ChatGPT is not the first language model (LM)-based dialogue agent. In fact, many organizations have released language model dialogue agents before OpenAI, including Meta BlenderBot, Google LaMDA, DeepMind’s Sparrow and Anthropic Assistant. Some organizations have also announced plans to build open-source chatbots and made their roadmaps public (such as LAION’s Open-Assistant). There are certainly other organizations doing the same thing, just not announced.
The table below compares the AI chatbots mentioned above based on whether they are publicly accessible, training data, model architecture, and evaluation details.
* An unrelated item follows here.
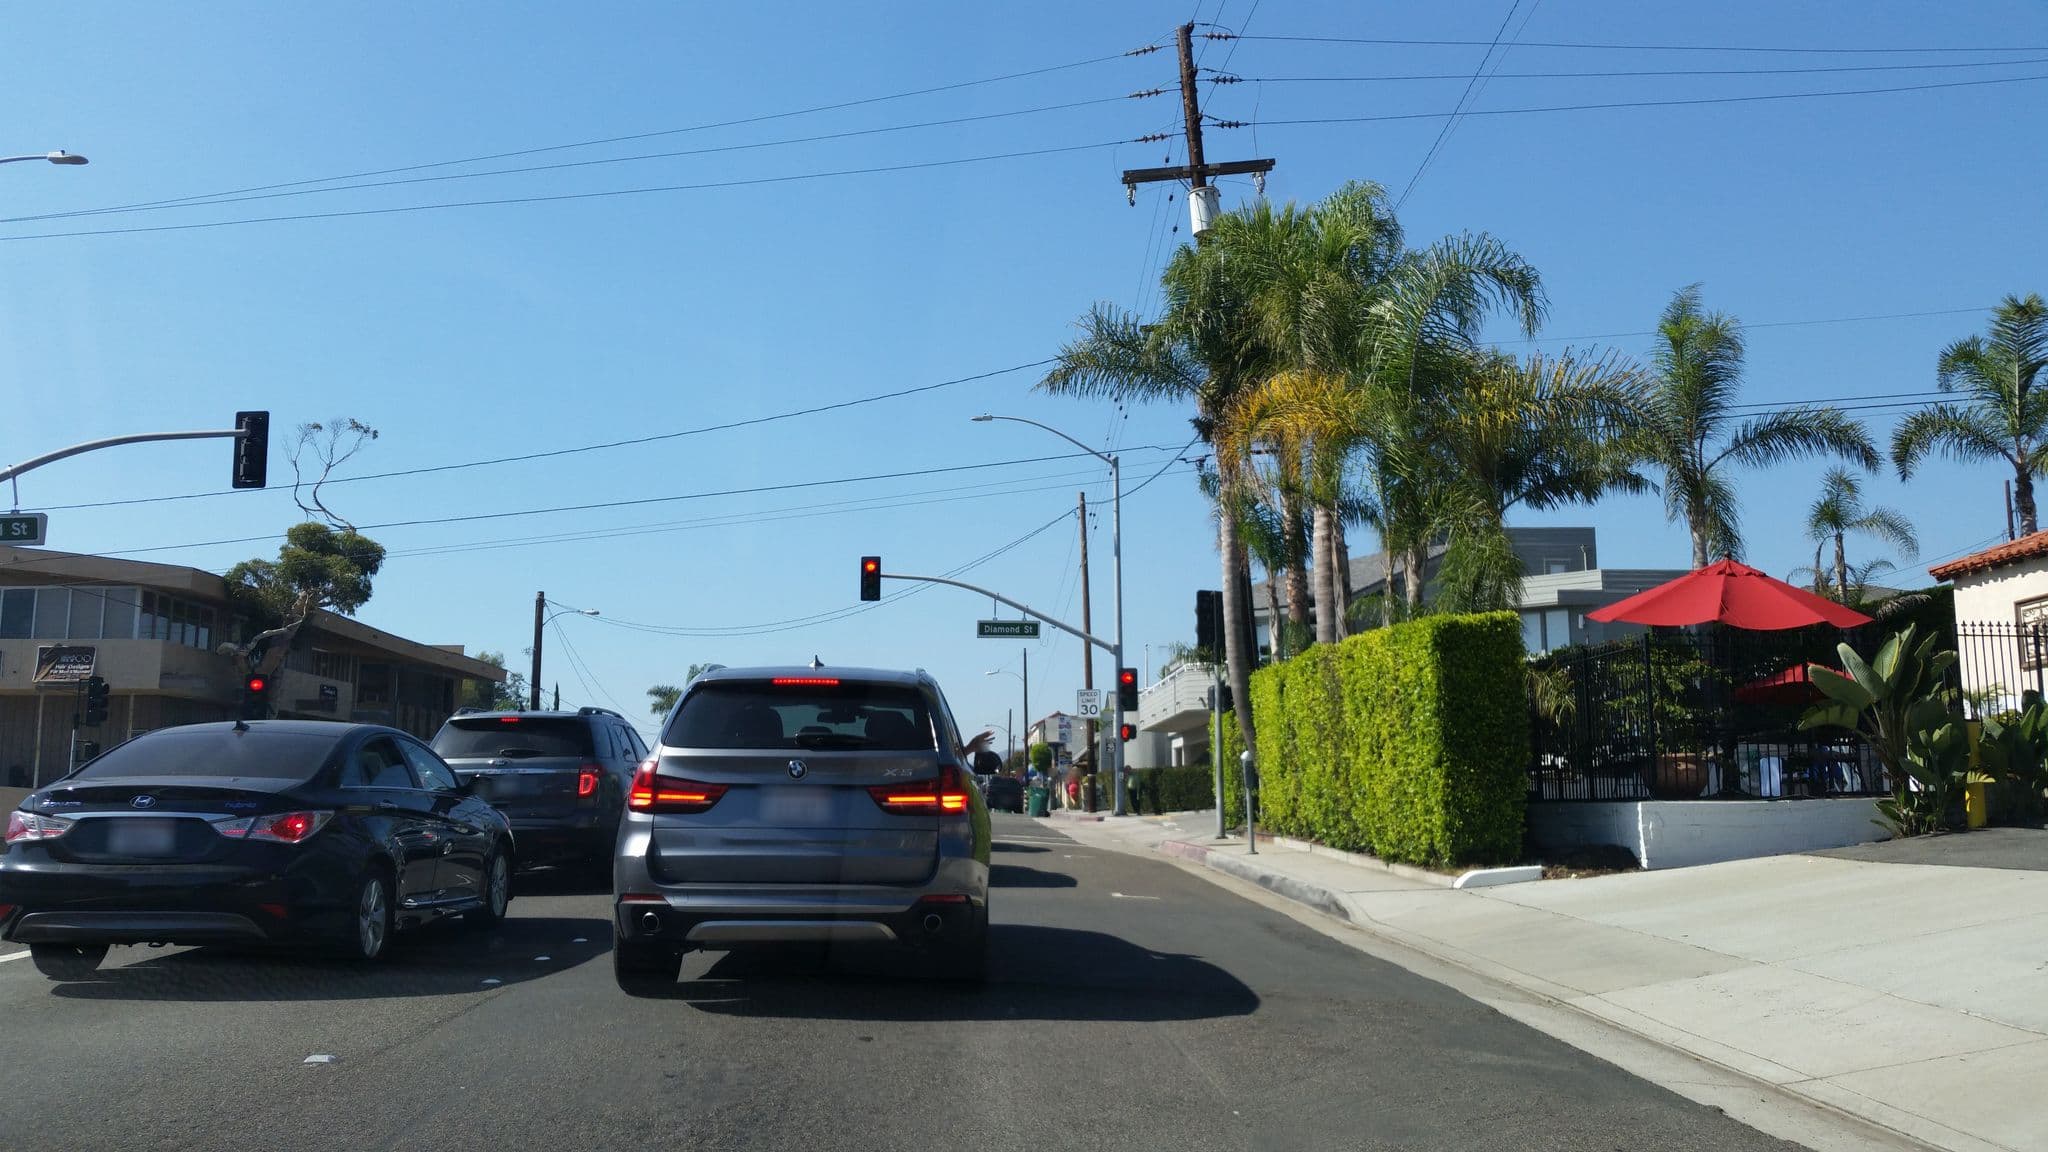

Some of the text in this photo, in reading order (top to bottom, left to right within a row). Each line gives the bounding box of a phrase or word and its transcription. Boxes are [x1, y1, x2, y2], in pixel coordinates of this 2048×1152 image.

[11, 522, 27, 536] St
[984, 625, 1033, 634] Diamond St
[1081, 705, 1098, 715] 30
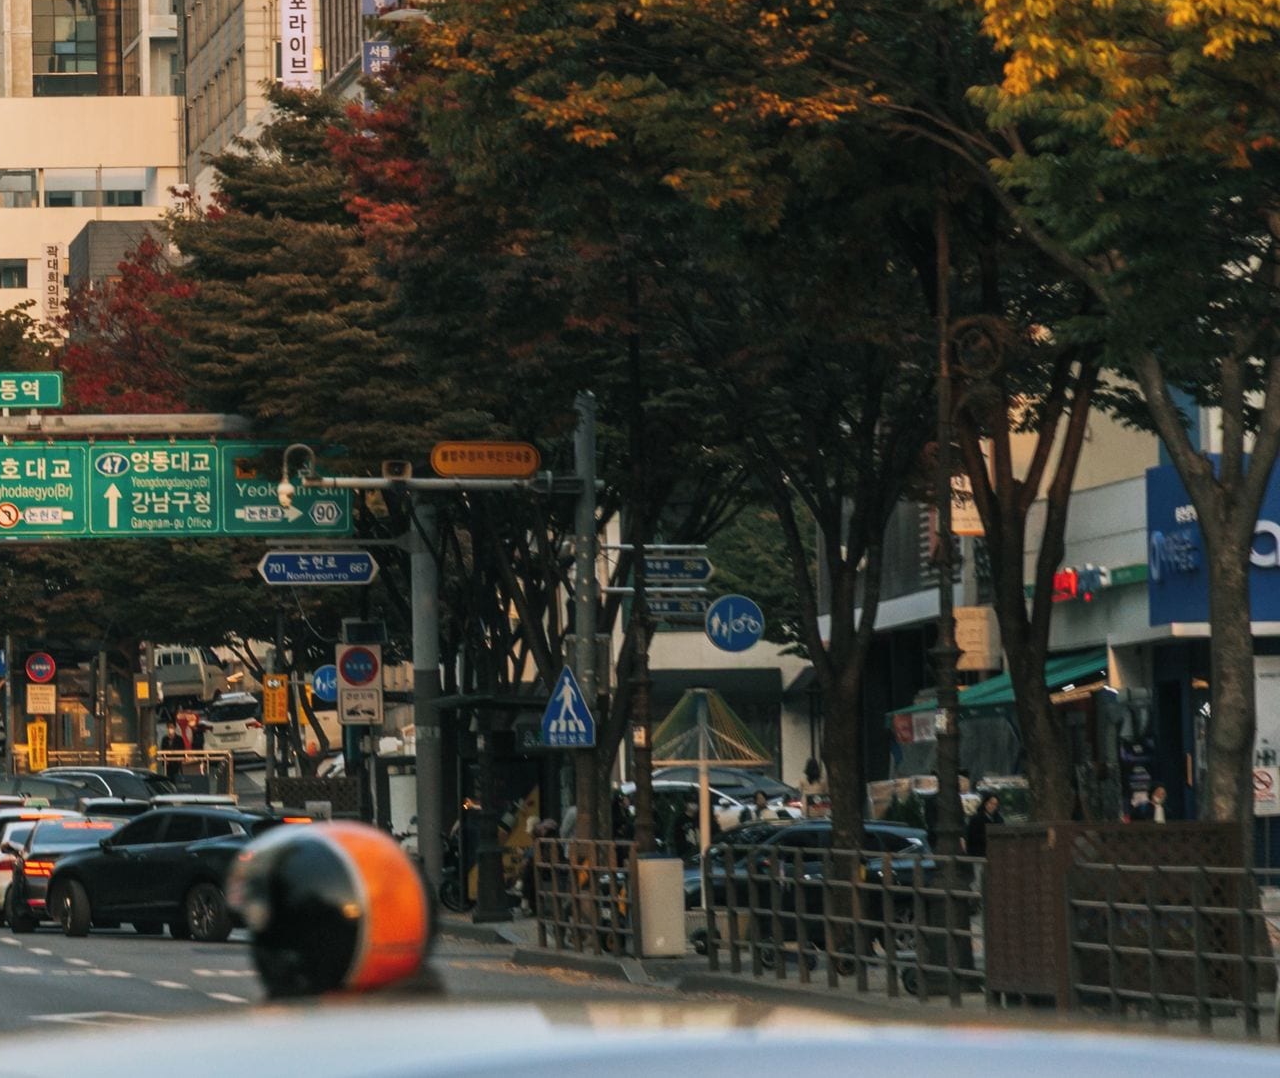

There is no relevant data for ChatGPT. The information used here is InstructGPT, which is a fine-tuned model of OpenAI and is considered the basis of ChatGPT.
While there are many differences in training data, models and fine-tuning, these chatbots also share some commonalities - Instruction following means responding to the user's instructions. For example, ask ChatGPT to write a poem about nudges.
In general, basic language modeling has insufficient goals To allow the model to efficiently follow the user's instructions. Model creators also use Instruction Fine-Tuning (IFT), which can fine-tune basic models on diverse tasks and can also be applied to classic NLP tasks such as sentiment analysis, text classification, and summarization.
IFT mainly consists of three parts: instructions, input and output. Input is optional, and some tasks only require instructions, like the ChatGPT example above. Input and output constitute an instance. A given instruction can have multiple inputs and outputs. A relevant example is as follows ([Wang et al., ‘22]).
IFT data is typically bootstrapped using human instructions and language models. For bootstrapping, LM generates new instructions, inputs, and outputs based on prompts with zero samples. In each round, the model is prompted with samples selected from humans writing and generating the model. The contribution of humans and models to a dataset can be expressed as a spectrum, as shown in the figure below.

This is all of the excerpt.